Lies, Damned Lies and Politicians

If you haven’t yet heard the Diane Abbott interview on LBC please try to – it lives up to the hype better than an Anthony Joshua fight. I always said this blog would be a politics-free zone, but I suggest this purely from an entertainment viewpoint. I doubted whether the general public would be interested in the election so soon after Brexit, but this corker elevates politics to above You’ve Been Framed and YouTube cat videos in the nation’s playlist of mirth.

What was most interesting to me, through the whole excruciatingly clumsy and exquisitely funny four minutes, was not that a politician was squirming their way through an interview (and they really weren’t difficult questions – Nick Ferrari was surprisingly gentle) with bluster and delay and hollow soundbites. Sadly, we are all too used to that for it to be newsworthy. It was both the complete disregard for facts and the agonisingly inept grasp of mathematics that was breathtaking.

When I was a Maths teacher I was astonished at how readily people accepted their numerical failings. I know I’m biased, but you wouldn’t get people cheerily admitting that they can’t read and write. Yet an understanding of data really is quite a useful thing if we are not to all think that drink driving is safer than driving sober because more accidents are caused by sober drivers. With my lawyer’s hat on, and for the avoidance of doubt, more accidents are caused by sober drivers but that doesn’t mean drink driving is safer and you would be even more moronic than a politician to think so!

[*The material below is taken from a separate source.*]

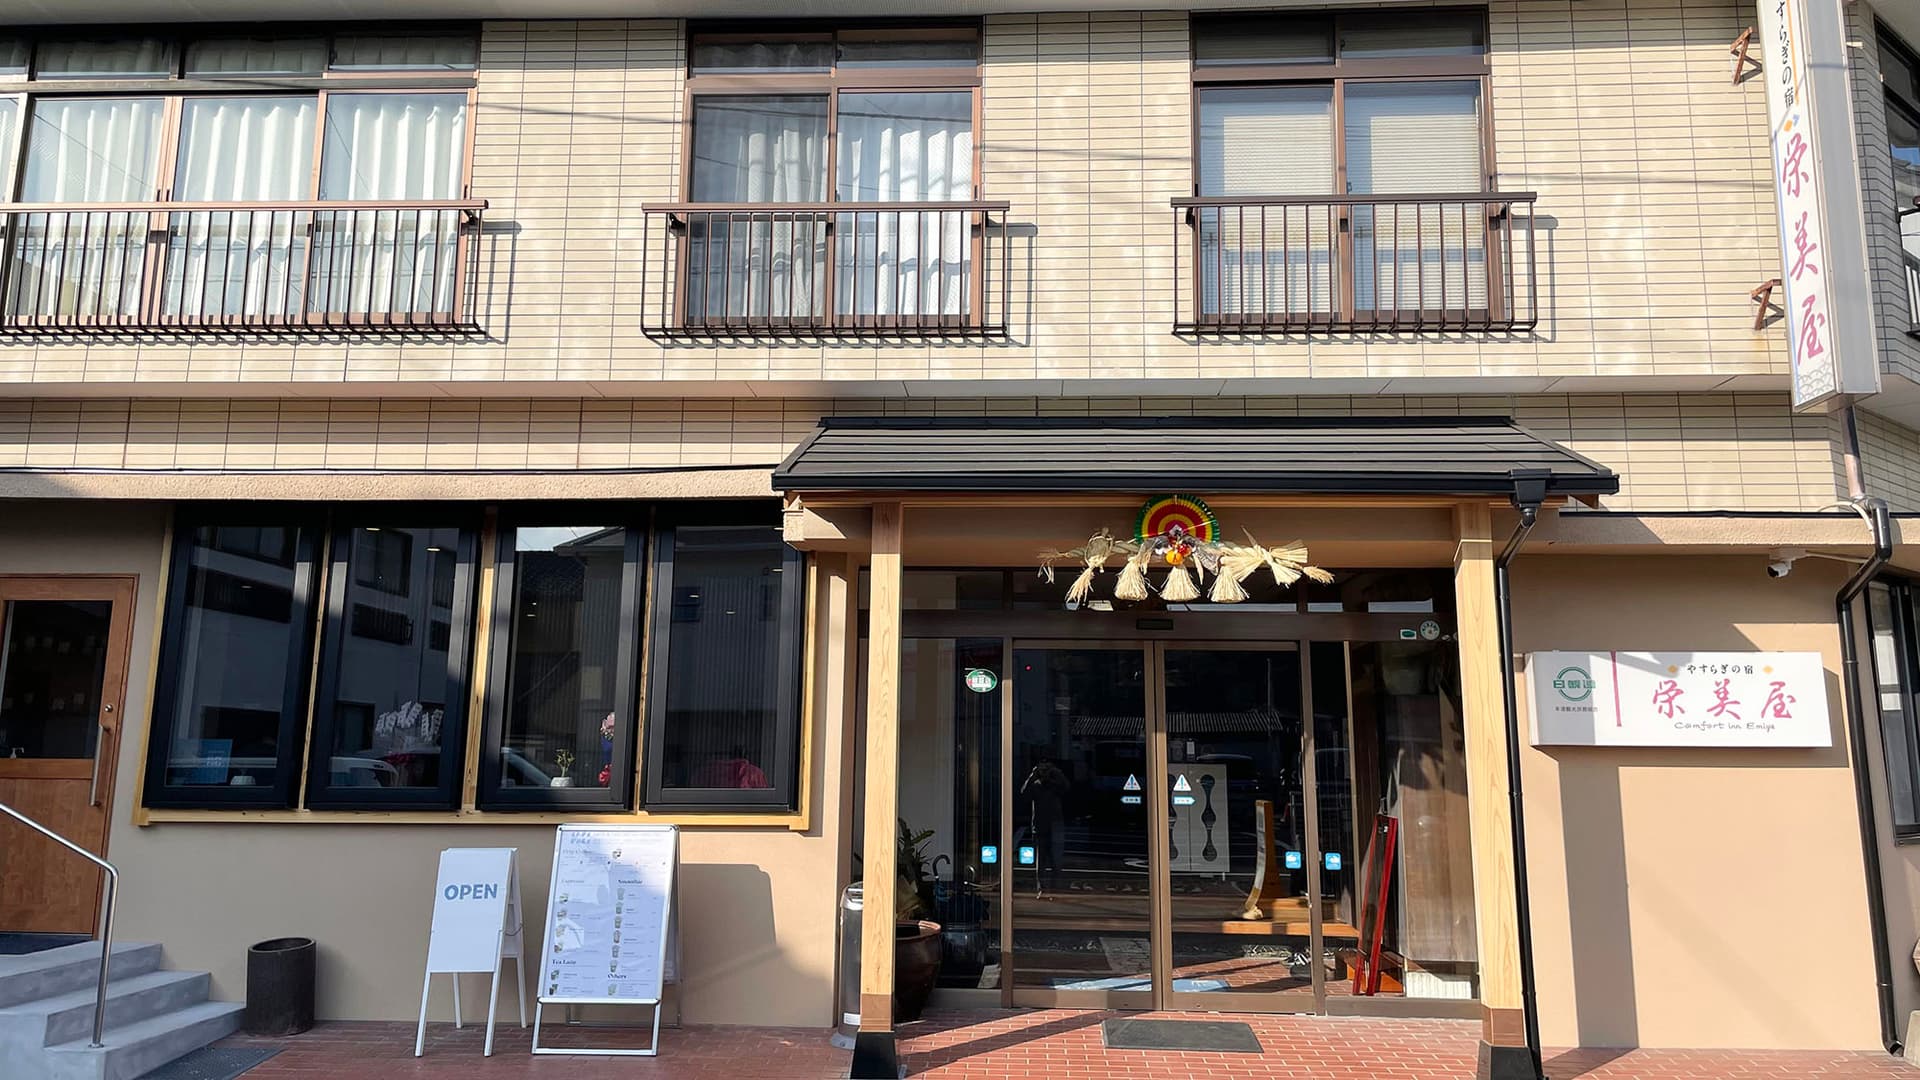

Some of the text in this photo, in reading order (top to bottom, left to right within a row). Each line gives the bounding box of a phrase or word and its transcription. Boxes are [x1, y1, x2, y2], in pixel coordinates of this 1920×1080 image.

(The answer, by the way, to this woeful state of affairs in education is perhaps counter-intuitive – pay teachers more and you get better teachers and better learning. If you rewind three generations teachers were on a par, financially and in the esteem of the public, with doctors and lawyers, yet a teacher now earns a third of those counterparts. Anyhow, this solution will never be adopted and I promised this was not going to become political.)

Let’s look at the numbers from that interview yesterday:-

Abbott started with a figure of £300,000 to pay for 10,000 new police officers, which Ferrari rightly derided. Even without a calculator, Abbott should have known that £300,000 is unlikely to pay for many police officers and certainly not 10,000. She could of course have realised at this point that things were going disastrously wrong and admitted that she didn’t have the figures to hand, but a panicked mix of arrogance and stubbornness got in the way and she decided to continue flailing around and simply making up numbers off the top of her head in the vain hope that Ferrari would move on.

“Haha, no. I mean… sorry. They will cost… they will, it will cost, erm, about… about £80 million.”

Somehow, over the next few minutes, 10,000 new officers became 25,000, then 250,000 and in the final stuttering denouement “2000….and perhaps 250”. This, remember, is the shadow home secretary scatter-gunning zeros around like place value is as irrelevant as, say, the truth in an election campaign. In the final words she seemed to have found her notes and rattled off some ‘accurate’ numbers in the hope that it would restore some confidence in her woeful performance. It didn’t.

Let me make this clear:- I do not expect our MPs to be perfect and I certainly do not expect them to all hold Maths degrees. Abbott will probably not be the last to make an idiot of herself in this election campaign, and I expect those that join her will be spread across the political spectrum. We all make mistakes and most of us are just lucky that ours are not aired on live radio or TV.

What would be nice, though, is if they could admit they were wrong. Abbott had so many opportunities to do so, throughout the interview and afterwards (when she claimed she had merely misspoken and really did know her numbers), and that she chose not to is surely more destructive to her image, her party’s chances , and the electorate’s opinion of politicians in the long run.

It would also be nice, in an ideal world, if our MPs had at least some grasp of maths. They are, after all, tasked with making important decisions on our behalf and most of those decisions will have numbers involved somewhere along the line. 10,000 new police officers is a really very different proposal to 250,000, and £300,000 is a very different slice of the pie to £300 million.

Perhaps the most startling statistics revealed yesterday, and in the best traditions of statistics these are of course entirely made up on the spot, are that 63% of MPs don’t know their arse from their elbow and 89% would rather squirm, deflect, fudge and bluster than admit they were wrong. If those figures are true, the next two months will be tiresome and the future of our country is in a worse state than I already thought.

(And the answer, by the way, to this woeful state of affairs in politics is certainly counter-intuitive – pay MPs more and you get better MPs, but that is also unlikely to happen!)